START RECORDS FOR THE TASK

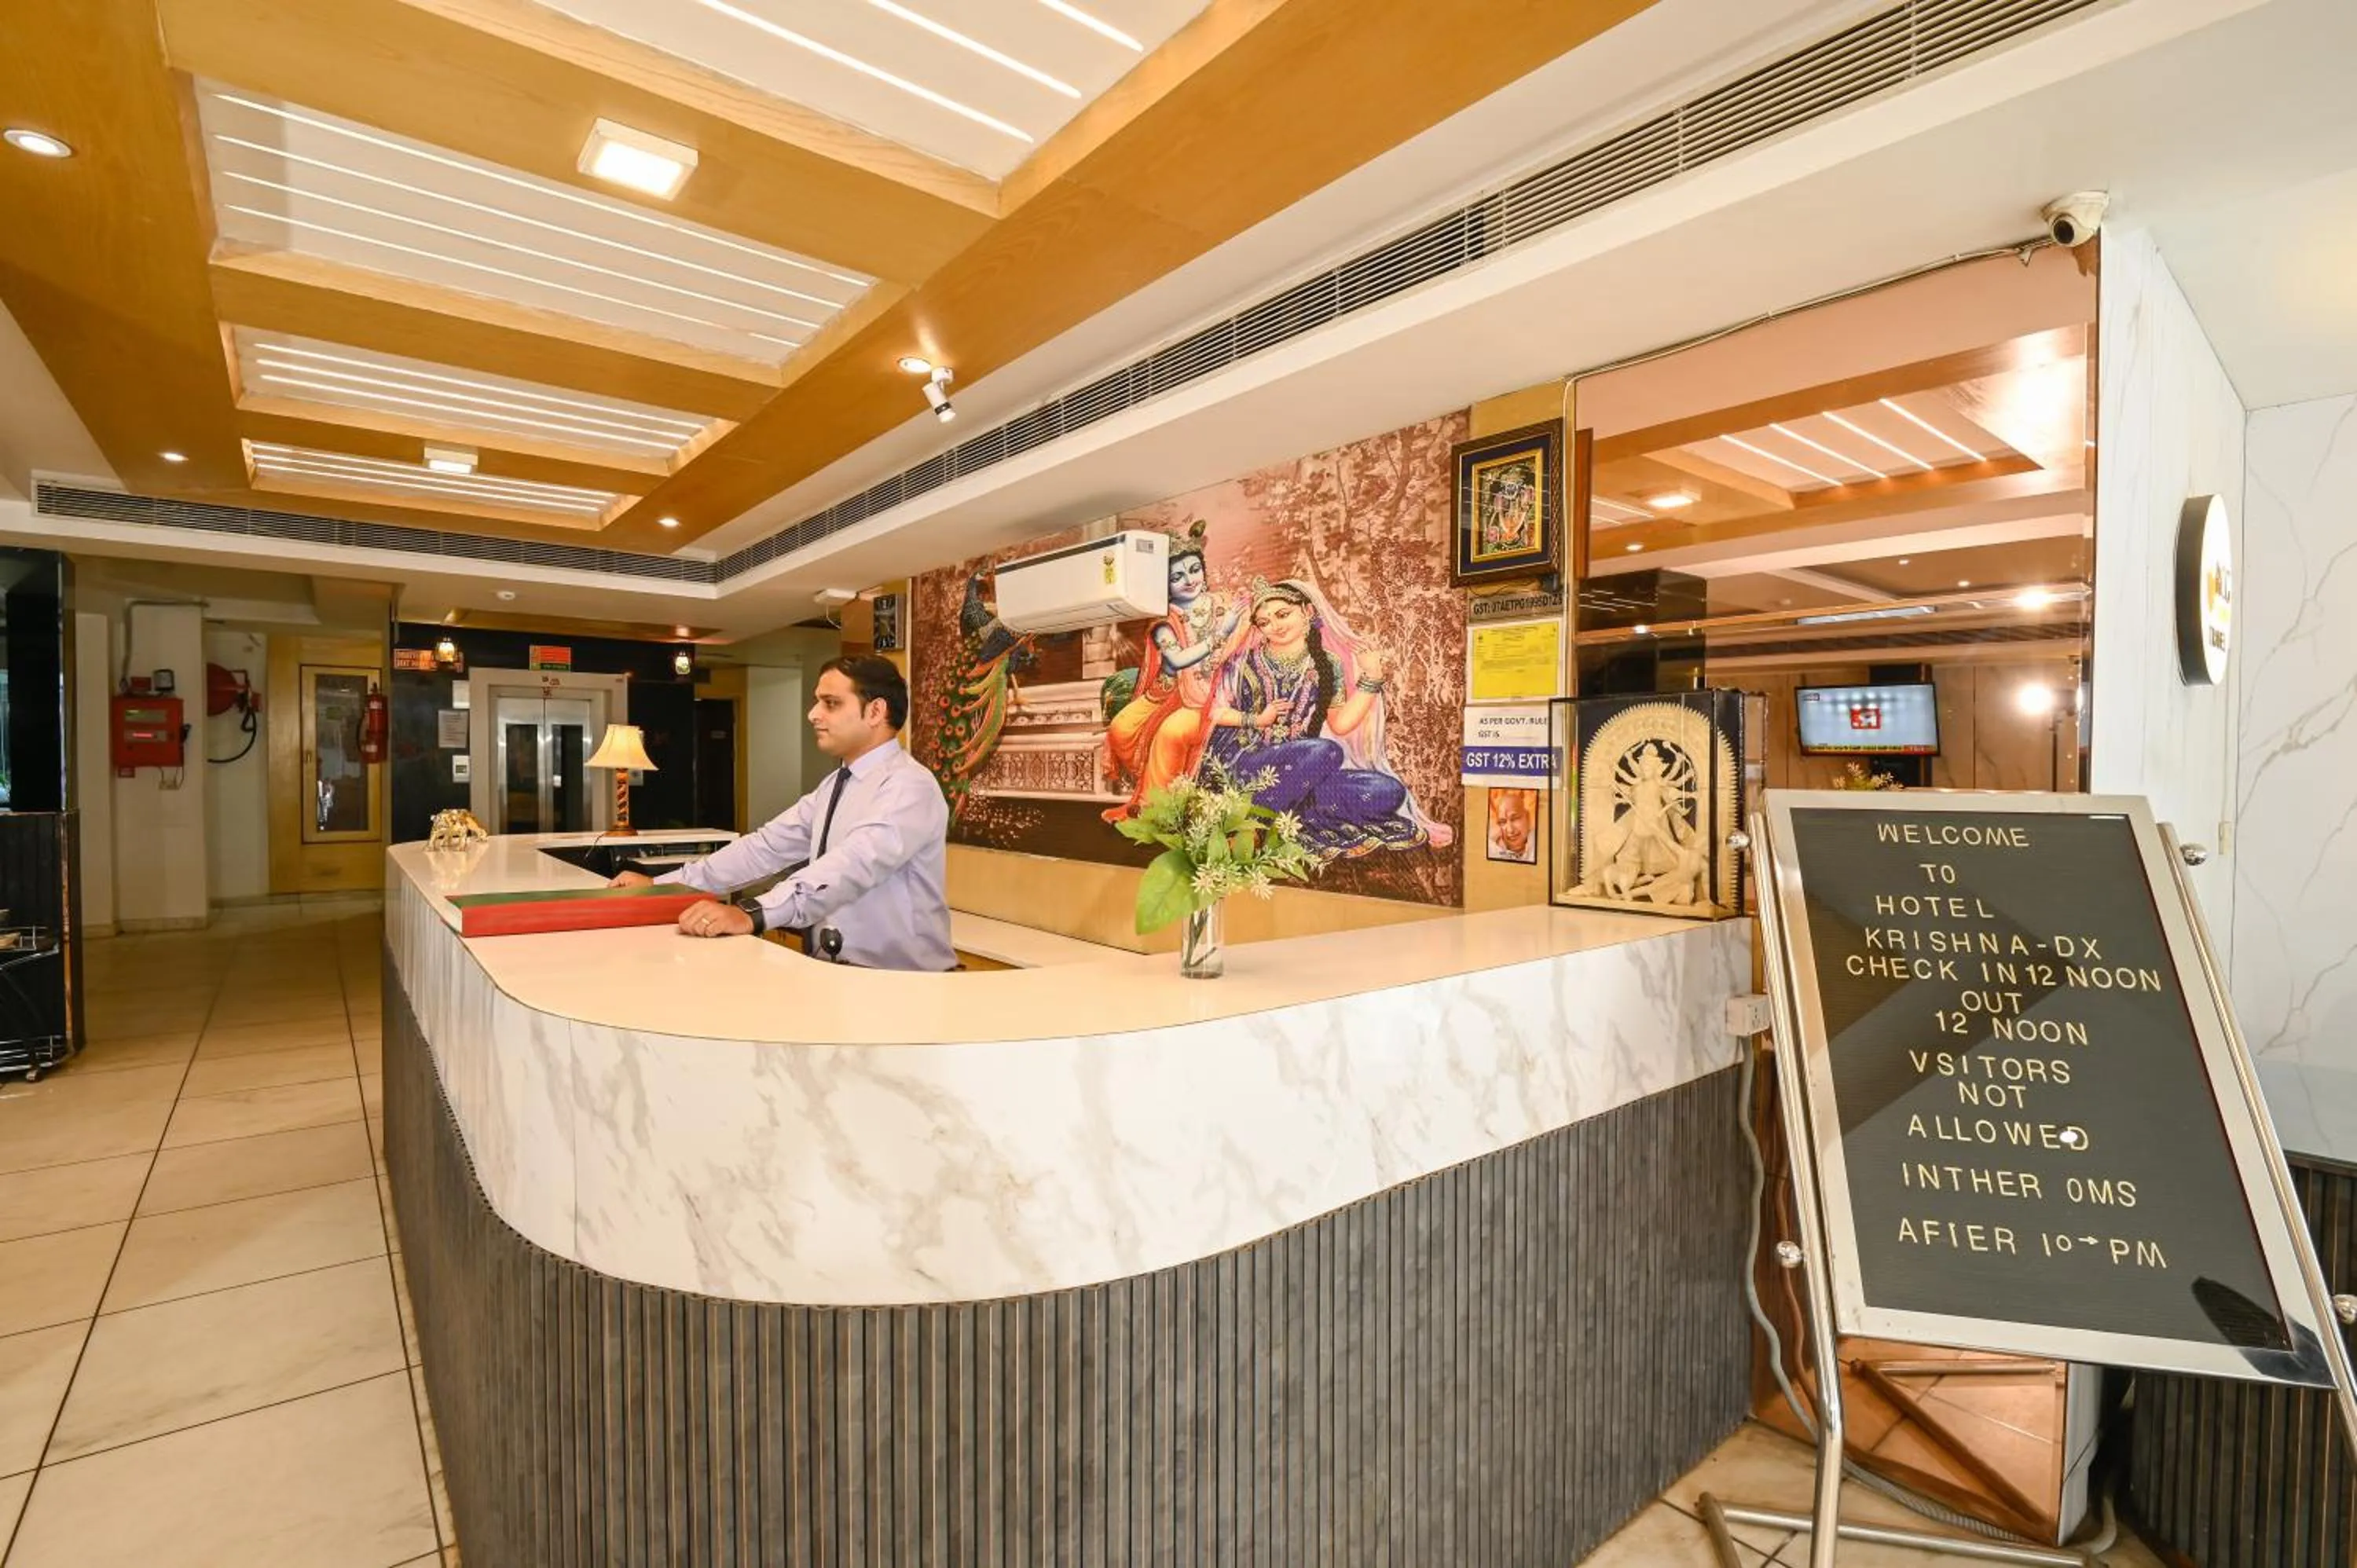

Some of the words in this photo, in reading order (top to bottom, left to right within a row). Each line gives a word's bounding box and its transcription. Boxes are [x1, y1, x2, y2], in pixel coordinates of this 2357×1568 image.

[1466, 752, 1490, 768] GST
[1492, 753, 1516, 769] 12%
[1877, 823, 2029, 847] WELCOME
[1919, 863, 1956, 884] TO
[1875, 895, 1994, 918] HOTEL
[1847, 954, 1959, 981] CHECK
[1981, 962, 2017, 984] IN
[2025, 964, 2056, 986] 12
[2066, 965, 2161, 992] NOON
[1961, 991, 2022, 1014] OUT
[1935, 1010, 1968, 1034] 12
[1992, 1017, 2088, 1046] NOON
[1909, 1050, 2070, 1084] VSITORS
[1958, 1081, 2026, 1109] NOT
[1908, 1114, 2089, 1151] ALLOWED
[1902, 1162, 2042, 1199] INTHER
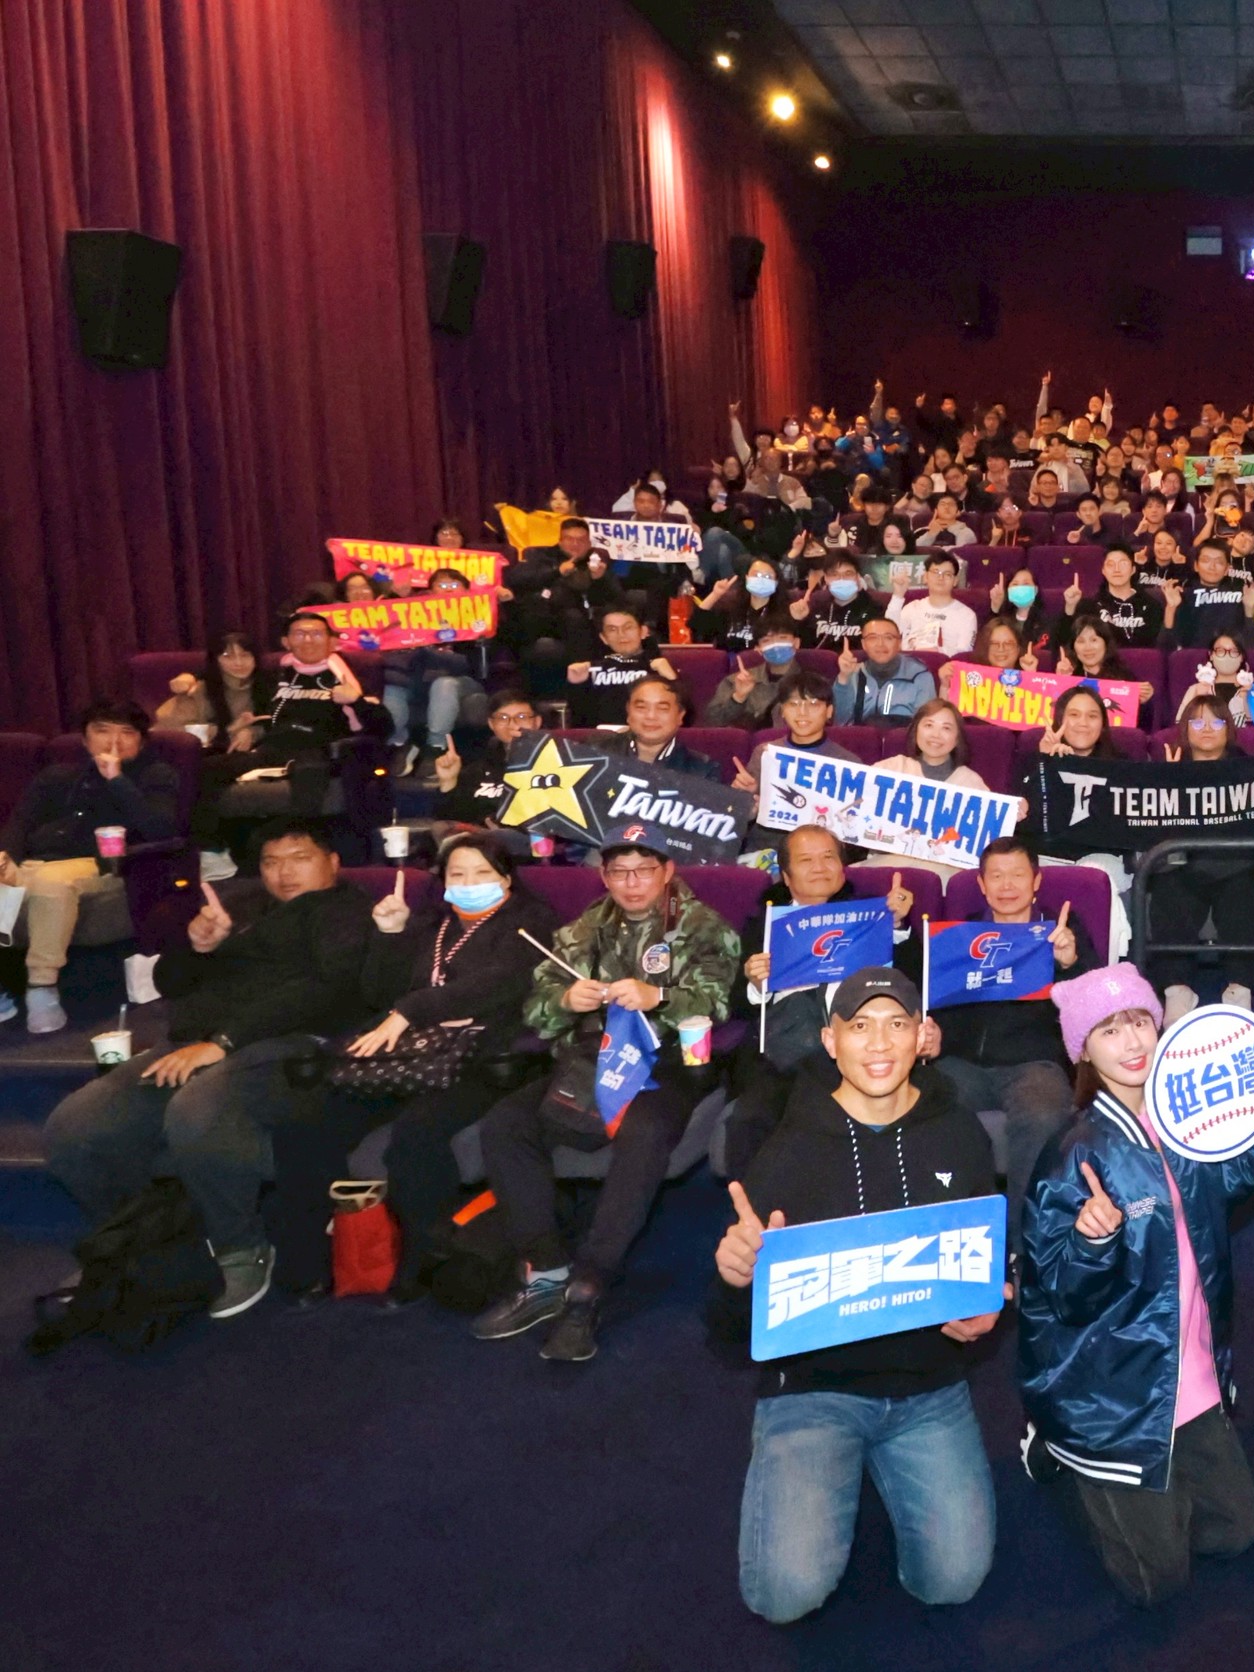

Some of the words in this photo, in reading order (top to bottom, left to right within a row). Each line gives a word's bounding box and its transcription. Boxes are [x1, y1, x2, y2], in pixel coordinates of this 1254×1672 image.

END RECORDS FOR THE TASK

The records are to be retyped in full and exactly, with no image carried over.

Some of the words in this photo, in reading order (top to bottom, left to right within a row). Each line gives a word's bounding box and its transcription. Boxes are [x1, y1, x2, y2], in pixel coordinates of this 2357×1568 image.

[1466, 752, 1490, 768] GST
[1492, 753, 1516, 769] 12%
[1877, 823, 2029, 847] WELCOME
[1919, 863, 1956, 884] TO
[1875, 895, 1994, 918] HOTEL
[1847, 954, 1959, 981] CHECK
[1981, 962, 2017, 984] IN
[2025, 964, 2056, 986] 12
[2066, 965, 2161, 992] NOON
[1961, 991, 2022, 1014] OUT
[1935, 1010, 1968, 1034] 12
[1992, 1017, 2088, 1046] NOON
[1909, 1050, 2070, 1084] VSITORS
[1958, 1081, 2026, 1109] NOT
[1908, 1114, 2089, 1151] ALLOWED
[1902, 1162, 2042, 1199] INTHER

Some of the words in this photo, in reading order (top to bottom, left to right within a row). Each line gives a word's bounding box and its transcription. Boxes are [x1, y1, x2, y2], in pixel coordinates of this 1254×1672 image.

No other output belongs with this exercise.